Konsepsi
Manusia,
beraktivitas untuk mempertahankan hidupnya dengan melakukan kerja, agar
kebutuhan hidup terpenuhi. Aktivitas kerja manusia sangat bergantung dari apa
yang ada pada alam: air, udara, kayu, laut, tumbuhan, api, angin, arus
sungai/laut, panas bumi, gunung, mineral, tambang, dsb. Karena itulah, hubungan
manusia dan alam haruslah hubungan yang baik dan berkelanjutan, karena manusia
adalah makhluk yang bisa menciptakan apa yang mereka butuhkan untuk bertahan
hidup, mengolah apa yang disediakan alam. Sehingga, inter-relasi manusia
dan alam dinyatakan oleh Doug Lorimer sebagai “Pengaruh alam atas manusia
semuanya terjadi secara spontan, tapi pengaruh masyarakat pada alam selalu
sebagai hasil dari aktivitas manusia demi kehidupannya, yang dilakukannya secara
sadar. Di samping memang bertujuan merubah alam, aktivitas manusia juga
memperoleh hasil-hasil yang tak terbayangkan sehingga, dalam banyak kasus,
kemudian menyebabkan manusia kehilangan banyak hal”.
Darwin(isme)
dan Marx(isme)
Adalah
dua arus pemikiran penting yang akan dibahas dalam buku ini meski, Darwinisme
lebih banyak dielaborasi hanya dalam wilayah sains-biologisme dan sosial
ekstrim yang dibongkar kemudian oleh dialektika materialisme alam yang
non-mekanis, non-reduksionis sehingga, meletakkan proses alam, biologisme dan
implikasi sosialnya dalam konteks dialektis.

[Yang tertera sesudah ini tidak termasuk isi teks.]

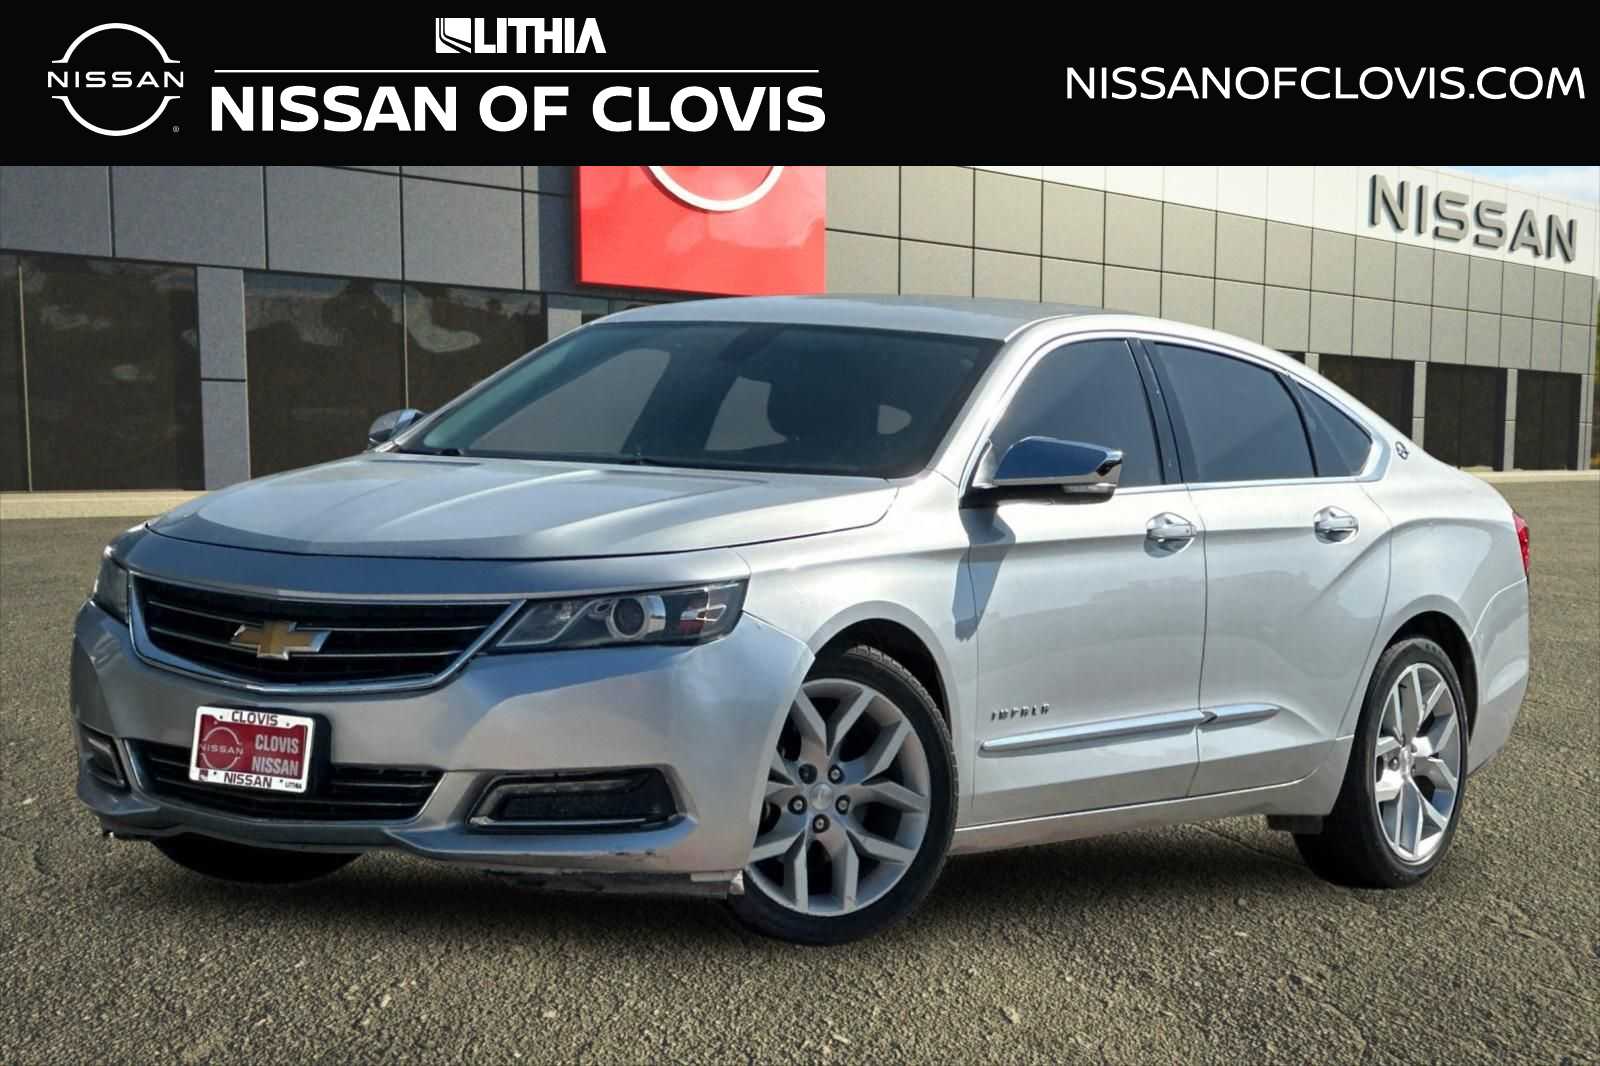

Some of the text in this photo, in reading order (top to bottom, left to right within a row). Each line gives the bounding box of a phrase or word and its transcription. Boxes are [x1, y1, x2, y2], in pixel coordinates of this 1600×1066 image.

[1369, 173, 1578, 264] NISSAN
[231, 711, 278, 726] CLOVIS
[200, 743, 244, 755] NISSAN
[255, 734, 299, 754] CLOVIS
[252, 756, 299, 776] NISSAN
[223, 772, 273, 788] NISSAN
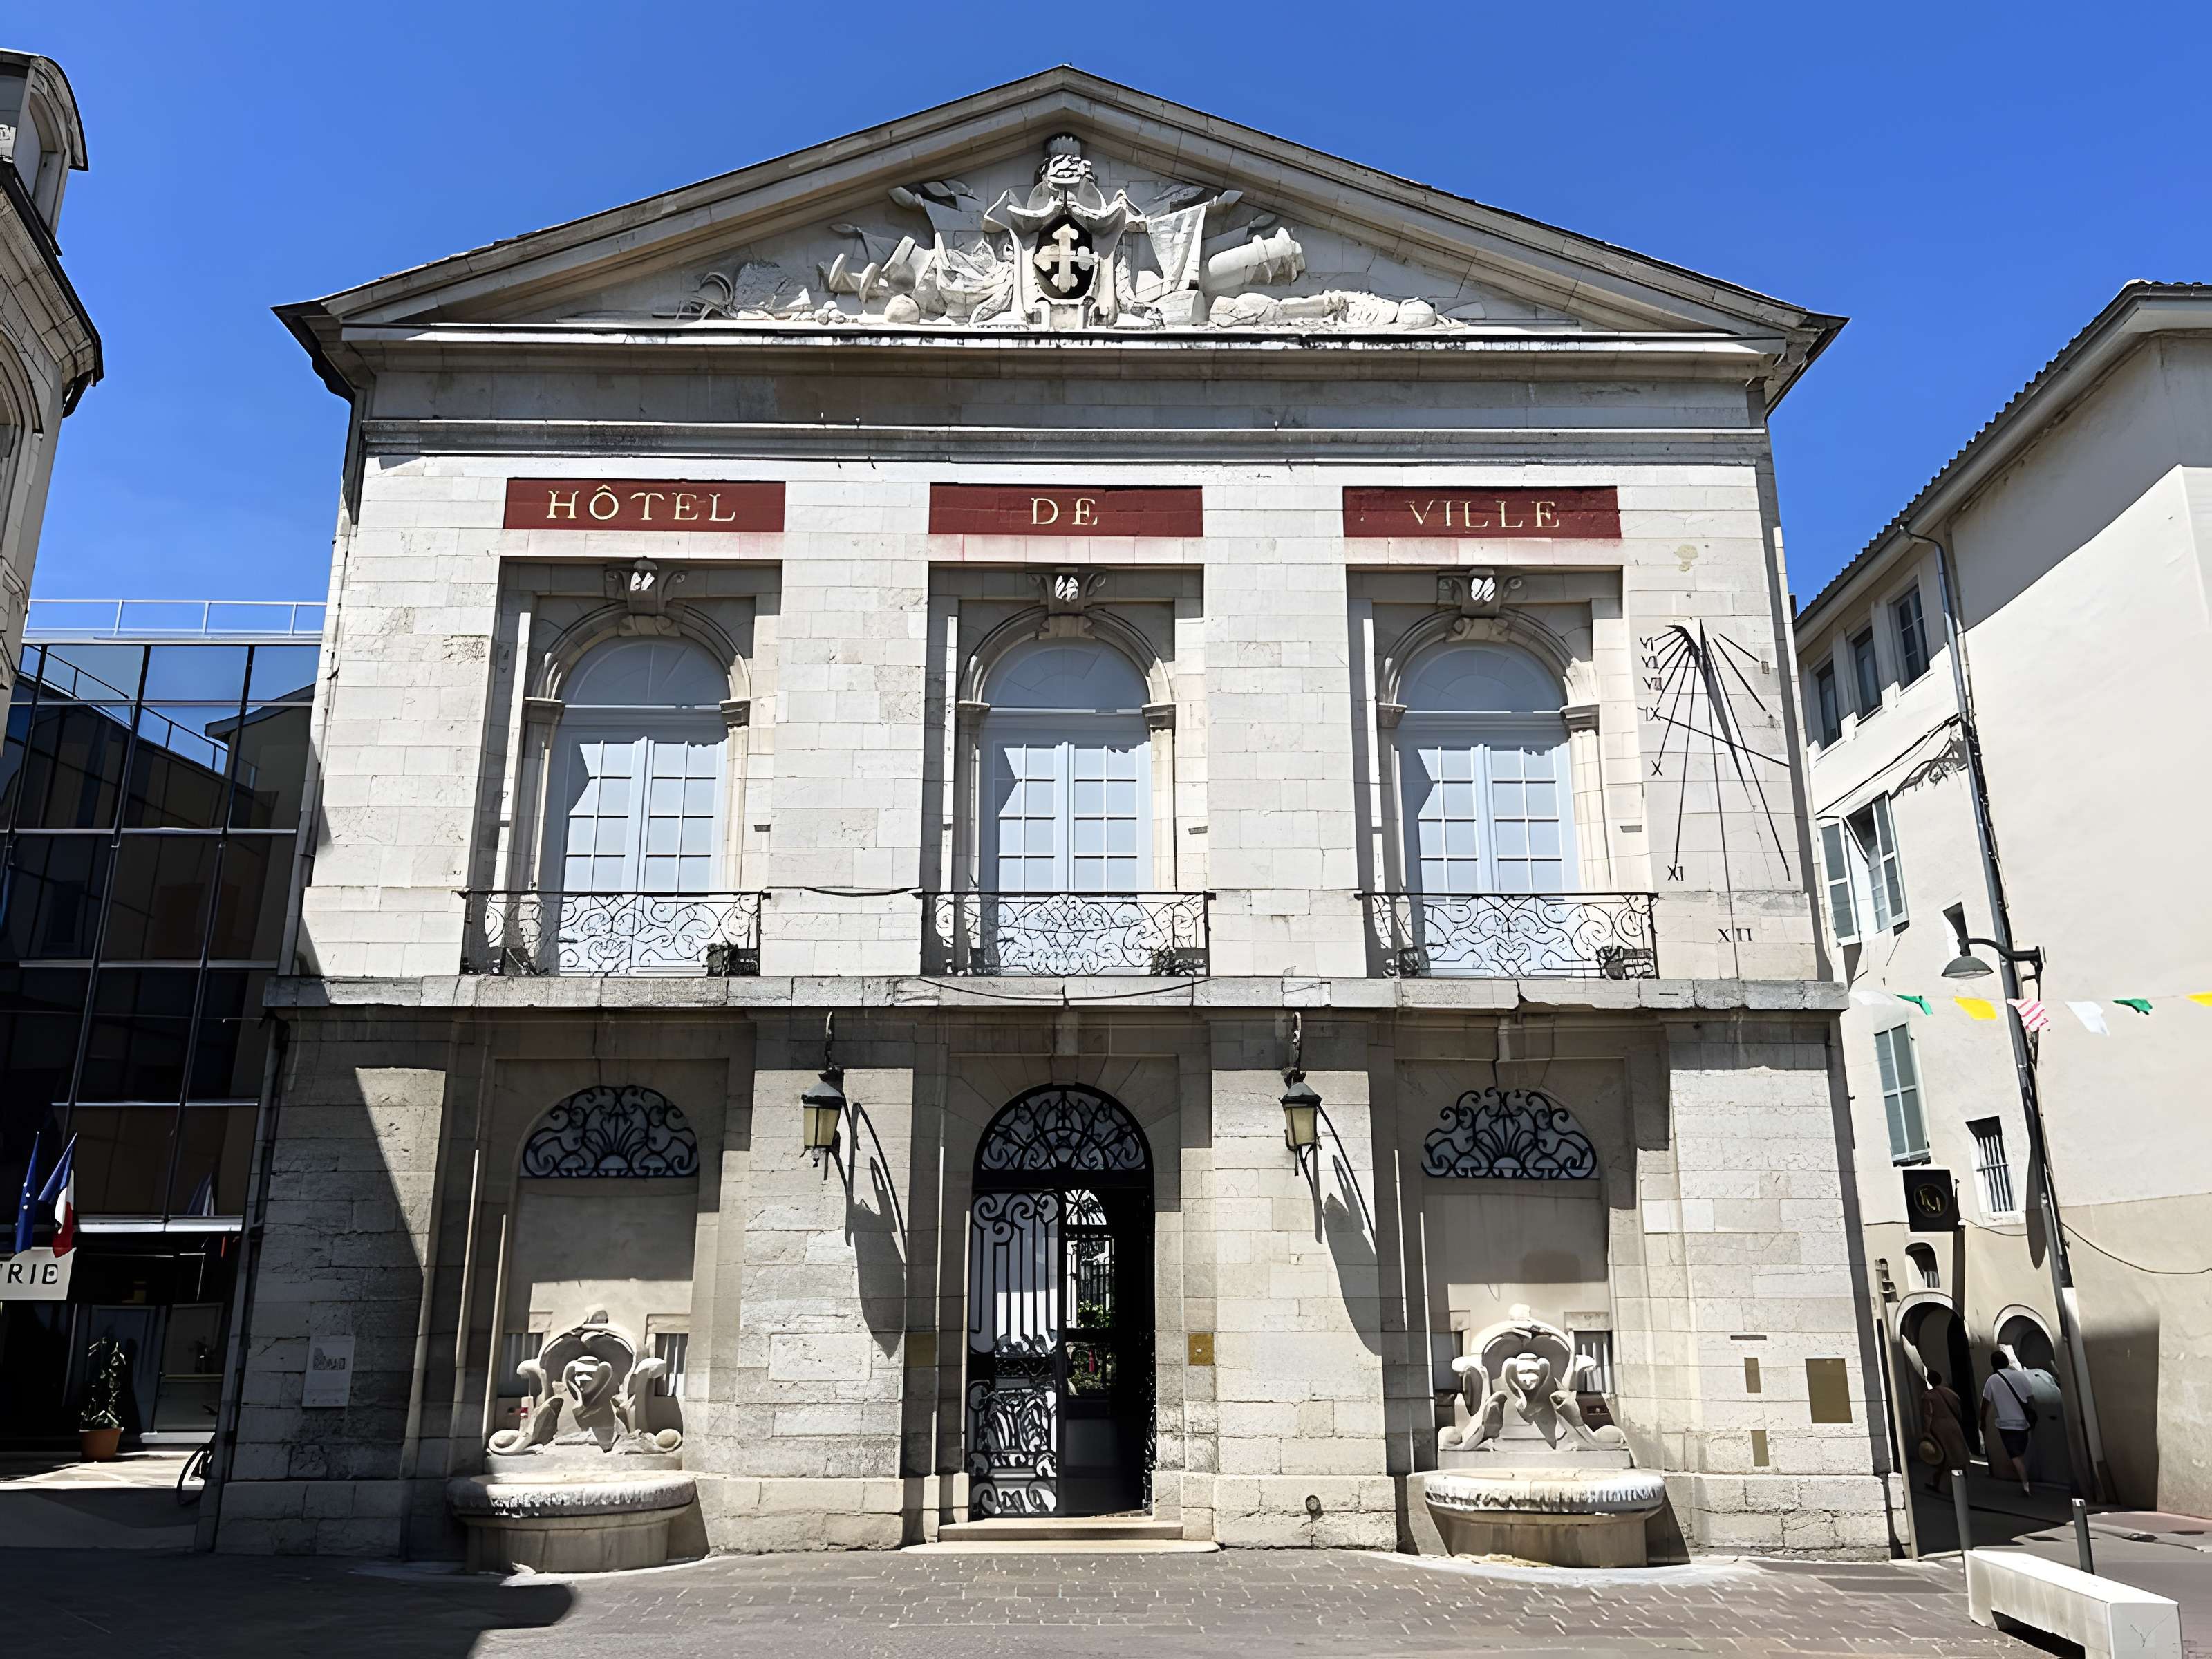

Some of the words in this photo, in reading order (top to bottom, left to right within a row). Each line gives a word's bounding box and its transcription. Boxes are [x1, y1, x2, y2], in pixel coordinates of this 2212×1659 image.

[546, 484, 736, 521] HÔTEL
[1030, 497, 1098, 525] DE
[1404, 499, 1560, 528] VILLE
[1651, 760, 1663, 777] X
[1667, 865, 1685, 881] XI
[0, 1263, 59, 1285] RIE
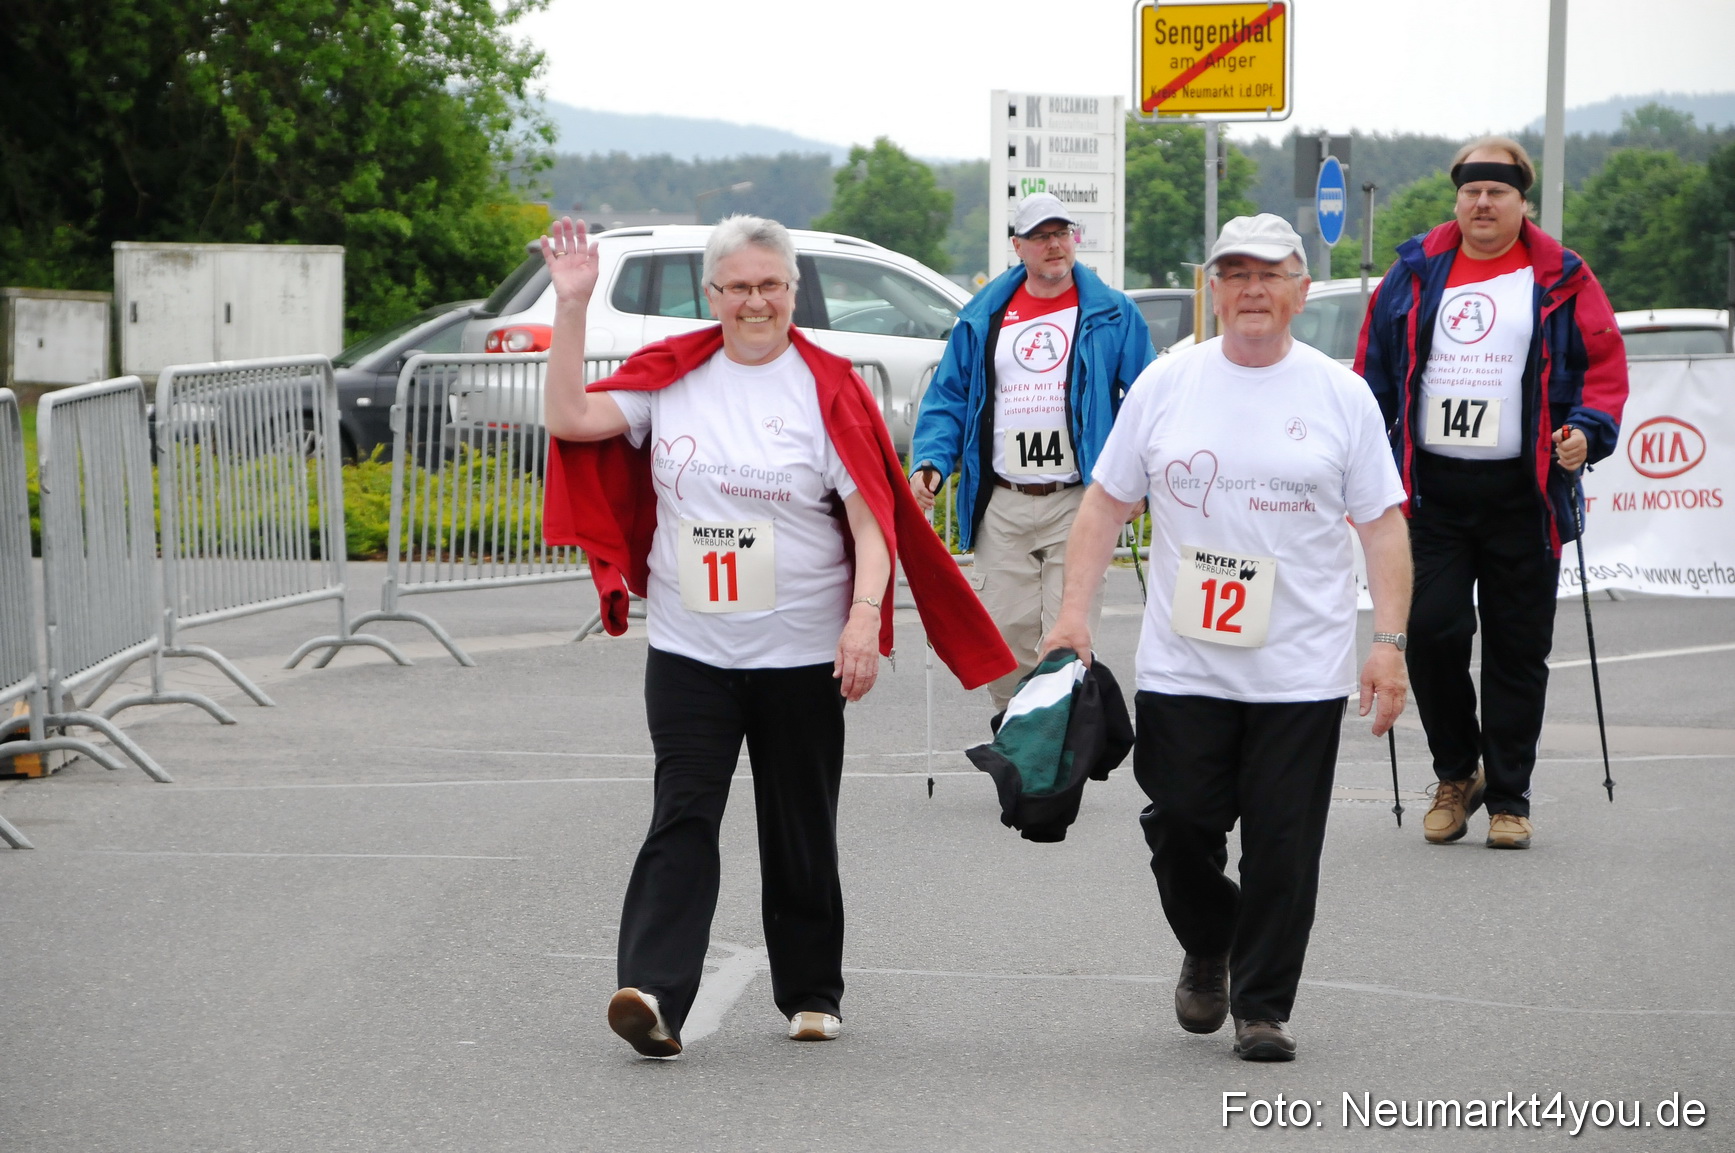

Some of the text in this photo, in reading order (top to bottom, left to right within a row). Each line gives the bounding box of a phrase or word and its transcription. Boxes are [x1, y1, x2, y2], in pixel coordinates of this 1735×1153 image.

Namun begitu, konsepsi dialektika
alam Marx banyak dipengaruhi oleh Darwin dimana keduanya sedikit banyak saling
dipengaruhi filsafat alam materialis klasik seperti Epicurus. Konsekuensi logis dari
Darwin(isme) terhadap filsafat materialis Marx benar-benar penting untuk
dimaknai. Bahwa, kata Foster, antara mahluk hidup dan alam memiliki
inter-relasi (saling-hubungan) yang tidak otonom namun, merupakan sebuah
satu-kesatuan antara dialektis.
Selain
itu, masih dalam buku ini, kita tidak bisa melarikan diri dari bangunan
filsafat Materialisme Marx dan, tentunya, jangan terburu-buru pula ber-apriori
terhadap asal muasal azali penciptaan alam yang banyak dijelaskan oleh sains ketimbang penjelasan yang bersifatilahiah,
meski hal ini memang belum cukup membuktikan sebesar apa kasih sayang Marx
terhadap ekologi seperti yang dikatakan kaum ekologis. Namun, berangsur-angsur,
anggapan tersebut sepertinya mulai pudar dengan datangnya pembelaan dari ahli
geografi Italia, Massimo Quaini dalam bukunya Geography
and Marxism, kepada Marx yang menyatakan bahwa “Marx… mengecam
perampasan alam sebelum nurani ekologis borjuis tumbuh”. Karena, konsepsi
alienasi juga muncul ketika manusia melakukan aktifitas kerja, karena perilaku
manusia terhadap alam (dalam konsep kapitalisme) dipandang hanya sebagai
hubungan pemanfaatan untuk nilai tukar ekonomis (akumulasi modal).
Menjawab
intepretasi bahwa Marx kurang perhatian kepada Ekologi
JB
Foster bisa menjadi orang pertama yang sangat menolak dan menentang intepretasi
tersebut karena, menurut Foster, Marx begitu peduli lingkungan, dibuktikan
dengan menulis tentang Krisis Ekologi dan Langkah Penanggulangannya, juga
mendorong adanya diskursus ekologi dalam Grundrisse dan Manuskrip
Tentang Ekonomi dan Filsafat. Tentu itu saja belumlah cukup.
Mula-mula
Marx berkenalan dengan realita ekologi.
Seperti
ketika awal Marx merasa karir akademiknya tidak bisa diharapkan lagi seiring
dengan direpresinya seluruh unsur Hegelian Muda radikal di Prussia. Saat itu,
jurnalisme adalah pilihan berikutnya dari situasi yang menempa Marx. Rheinische Zeitung adalah Koran besar provinsi dimana
Marx menjadi redakturnya. Isu pertama yang dia tuliskandi Koran adalah tentang
perdebatan hukum atas pencurian kayu. Yang kemudian Marx mengembangkan analisa
tentang penghapusan hak-hak tanah atas petani kecil yang sebelumnya disebut
sebagai Tanah Bersama. Perangkat undang-undang tersebut muncul seiring dengan
pertumbuhan industri dan menguatnya gagasan sistem kepemilikian pribadi.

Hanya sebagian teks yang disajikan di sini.